Questions about Riverton City’s relationship with the Unified Police Department of Greater Salt Lake (UPD) have arisen since the Herriman City Council voted unanimously on May 16 to submit notice of their city’s intent to end their partnership with the department.
As there has been much speculation about how that decision impacts Riverton, the explanation below provides answers from Riverton City’s perspective on various topics.
What do Herriman City’s actions mean for Riverton?
Riverton and Herriman have much in common. The cities share a border and seek to cooperate on all kinds of issues. The Riverton and Herriman UPD precincts share sergeants and one can see some crossover of officer patrols between our two cities. Riverton City leadership is working with UPD to ensure we have a high level of service throughout our entire city both now and when Herriman leaves UPD. As Herriman moves to provide for their own law enforcement, it is the city’s hope that Riverton and Herriman will continue to collaborate, particularly on issues that affect regions near our shared border.
Is Riverton City satisfied with the service received by UPD officers?
Riverton City enjoys a good relationship with UPD and the officers assigned to our Riverton Precinct, and commend those officers for the quality service they provide. The City has felt that we have received adequate coverage and is satisfied with the service levels and work performed by UPD overall.
Does Riverton have a representative on the UPD Board of Directors?
Riverton Mayor Trent Staggs serves as a voting member of the UPD board.
Does Riverton City receive what it pays for with UPD?

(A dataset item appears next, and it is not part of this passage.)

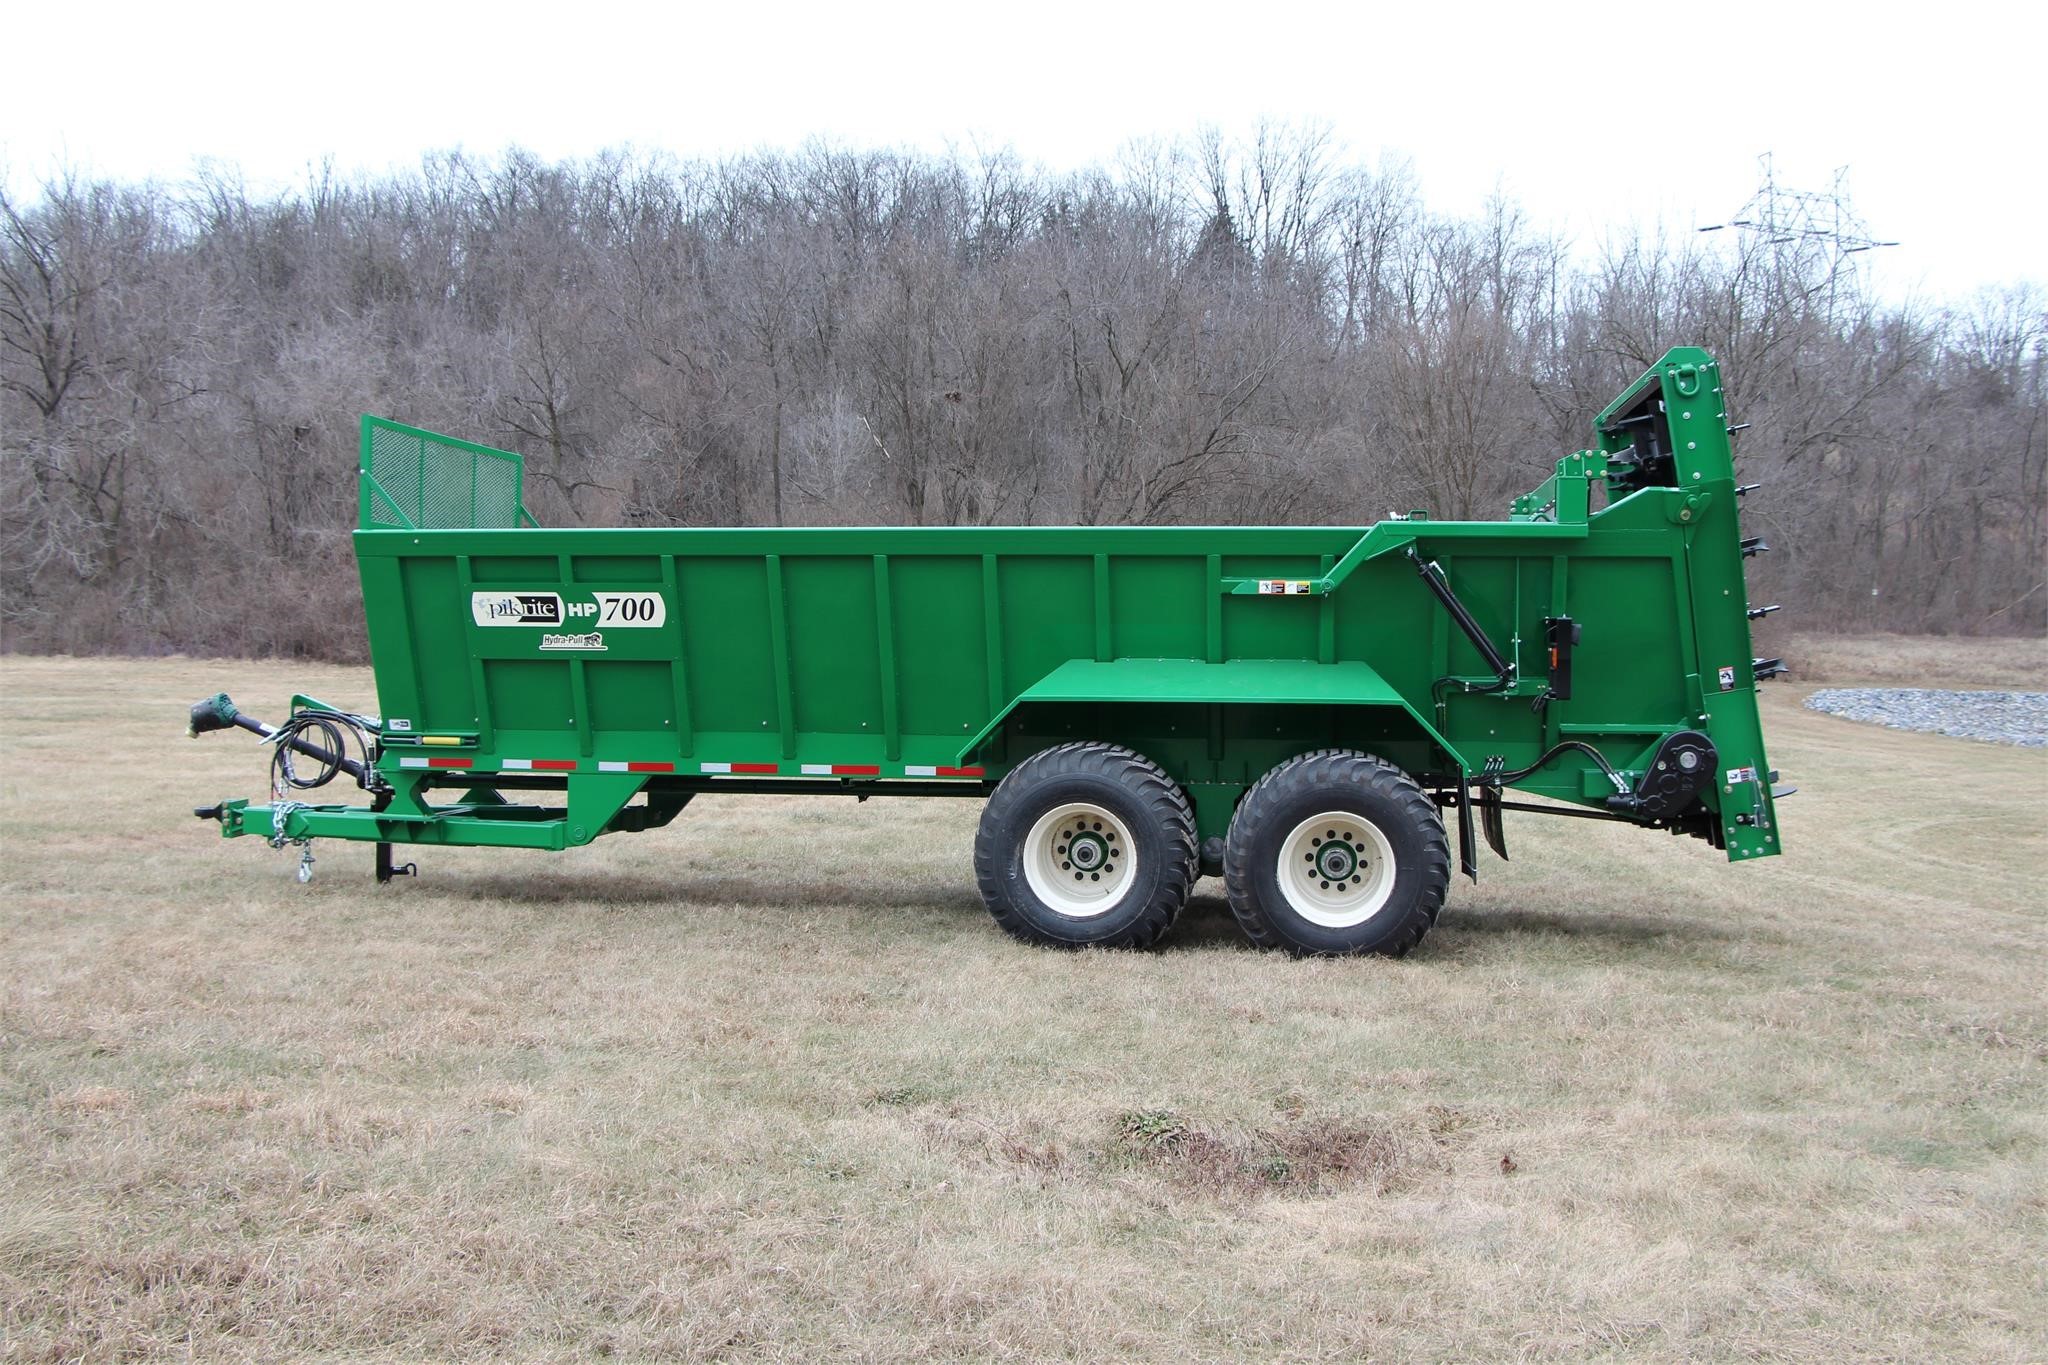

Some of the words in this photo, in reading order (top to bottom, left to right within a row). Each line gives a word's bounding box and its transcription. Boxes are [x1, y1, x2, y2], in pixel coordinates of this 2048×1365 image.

After having been in the countywide taxing district since 2012, Riverton City left the Salt Lake Valley Law Enforcement Service Area (SLVESA) taxing district on December 31, 2017. The Riverton Law Enforcement Service Area (RLESA) was created in its place to collect property tax to pay for law enforcement service provided by UPD. Withdrawing from SLVLESA eliminated an increase in property taxes that would have otherwise fallen on Riverton taxpayers, and rolled back the tax levy for the newly formed RLESA to the 2016 levels charged by SLVLESA.
This change in the way Riverton pays for law enforcement service resulted in a savings of over $500,000 in property taxes in 2018 for Riverton taxpayers, versus what would have been paid had the city remained in SLVESA. The change also allowed local officials more control over the UPD service level that is paid for. Riverton’s departure from SLVLESA has also highlighted some challenges with how costs are allocated for pooled services, and prompted a higher level of scrutiny on certain expenses amongst its member entities.

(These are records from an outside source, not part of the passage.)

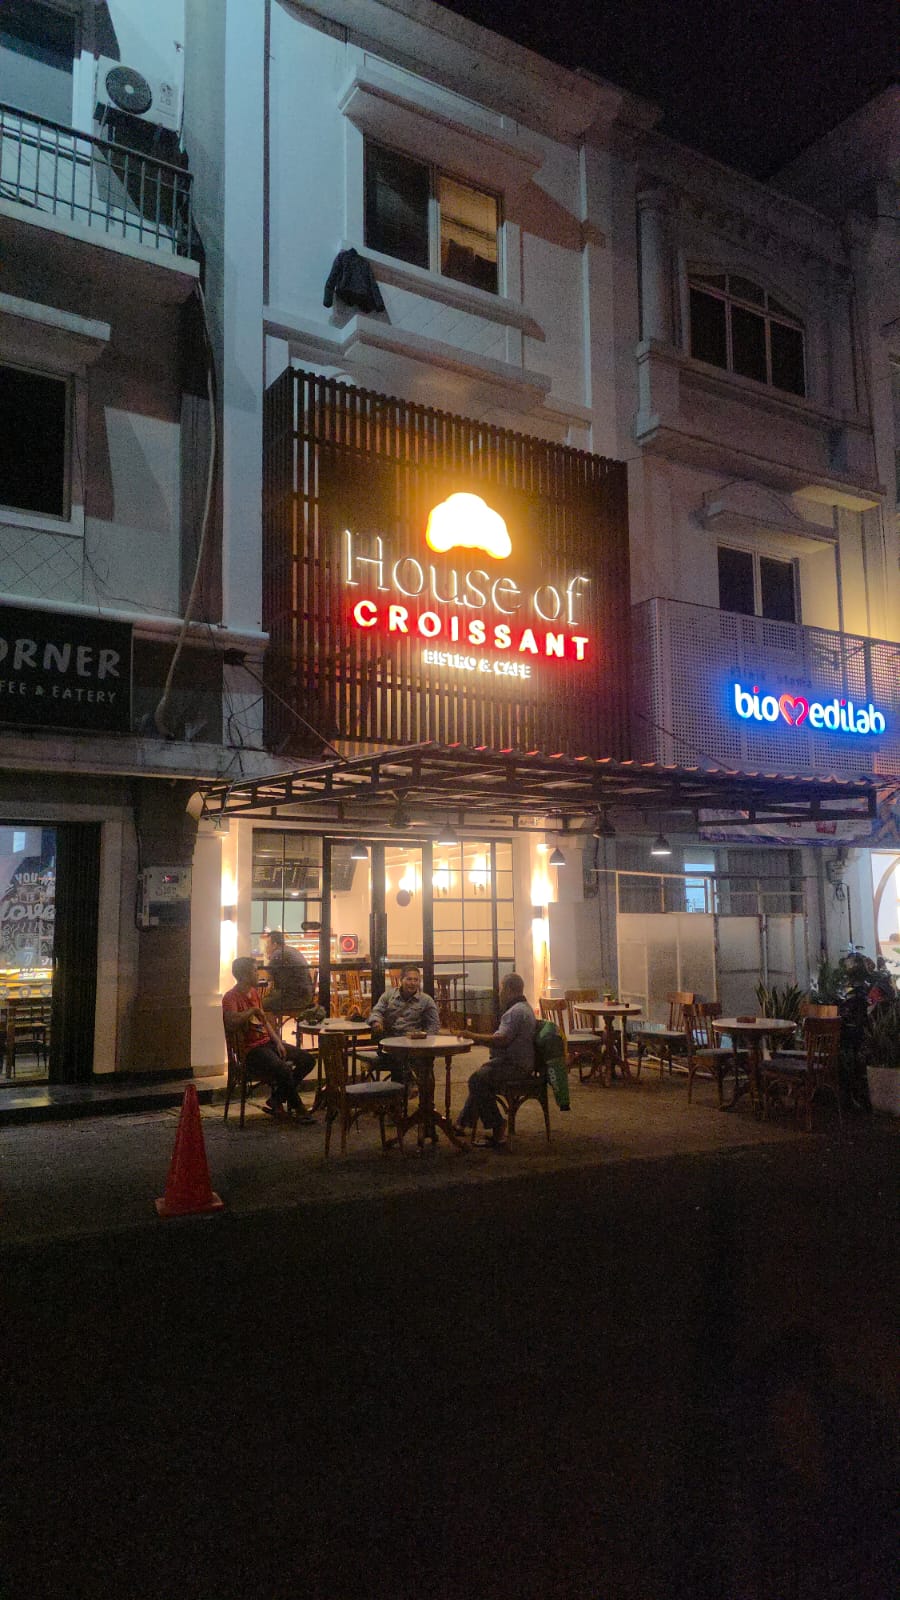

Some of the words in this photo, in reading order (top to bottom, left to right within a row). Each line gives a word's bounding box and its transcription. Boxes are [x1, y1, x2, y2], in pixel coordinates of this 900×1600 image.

[345, 530, 522, 614] House
[533, 574, 590, 625] of
[353, 600, 589, 661] CROISSANT
[423, 649, 477, 671] BISTRO
[479, 658, 493, 673] &
[494, 660, 532, 679] CAFE
[52, 685, 117, 704] EATERY

Riverton’s UPD board member and staff are working to address these challenges with UPD to increase transparency, ensure that Riverton taxpayers and residents are receiving the best possible service for the most efficient cost, and are constantly looking for ways to improve the UPD model of regionalized service.

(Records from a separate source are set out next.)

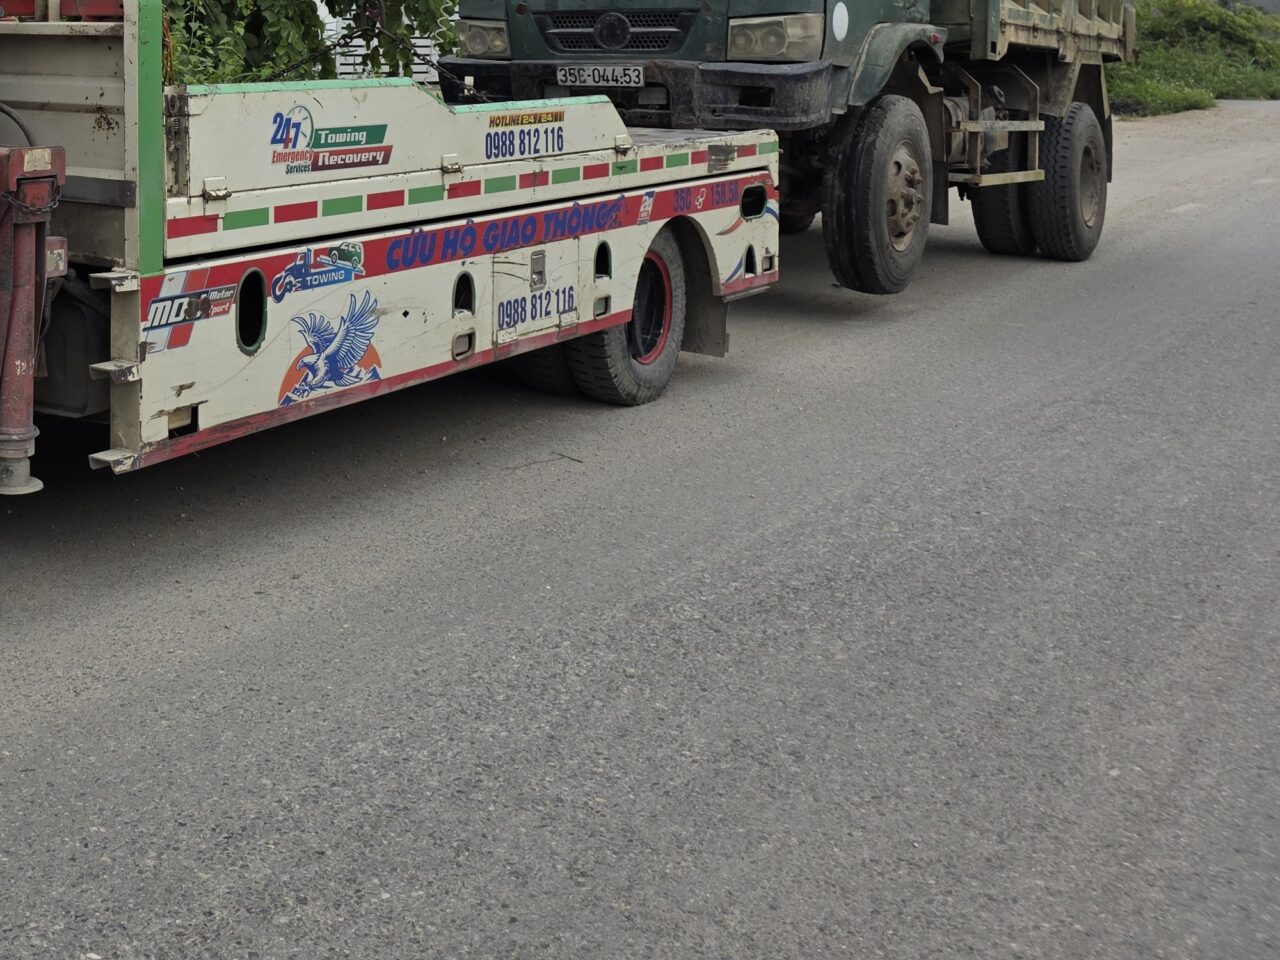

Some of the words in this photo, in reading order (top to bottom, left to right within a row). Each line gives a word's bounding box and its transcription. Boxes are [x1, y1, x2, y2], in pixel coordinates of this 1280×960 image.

[489, 114, 520, 128] HOTLINE
[318, 128, 367, 144] Towing
[486, 130, 515, 159] 0988
[519, 127, 540, 156] 812
[544, 125, 564, 153] 116
[272, 150, 313, 165] Emergency
[317, 150, 385, 167] Recovery
[286, 162, 311, 175] Services
[386, 227, 436, 271] CỨU
[441, 216, 479, 267] HỘ
[483, 216, 538, 252] GIAO
[544, 200, 613, 240] THÔNG
[306, 271, 345, 287] TOWING
[210, 289, 233, 300] Motor
[210, 302, 229, 316] port
[498, 296, 527, 330] 0988
[530, 290, 552, 323] 812
[555, 286, 575, 314] 116

Riverton City officials have not signaled any intent on leaving UPD. Officials do recognize however the need for financial accountability to the taxpayer, particularly in the context of Herriman’s notice to leave UPD. Therefore, The RLESA governing board has directed city staff to conduct a thorough analysis of cost and service for what the city currently receives with UPD versus what the city could offer on its own. It has been over a decade since a similar analysis was conducted. Once an analysis is provided, the city plans to share the results with the public and seek input.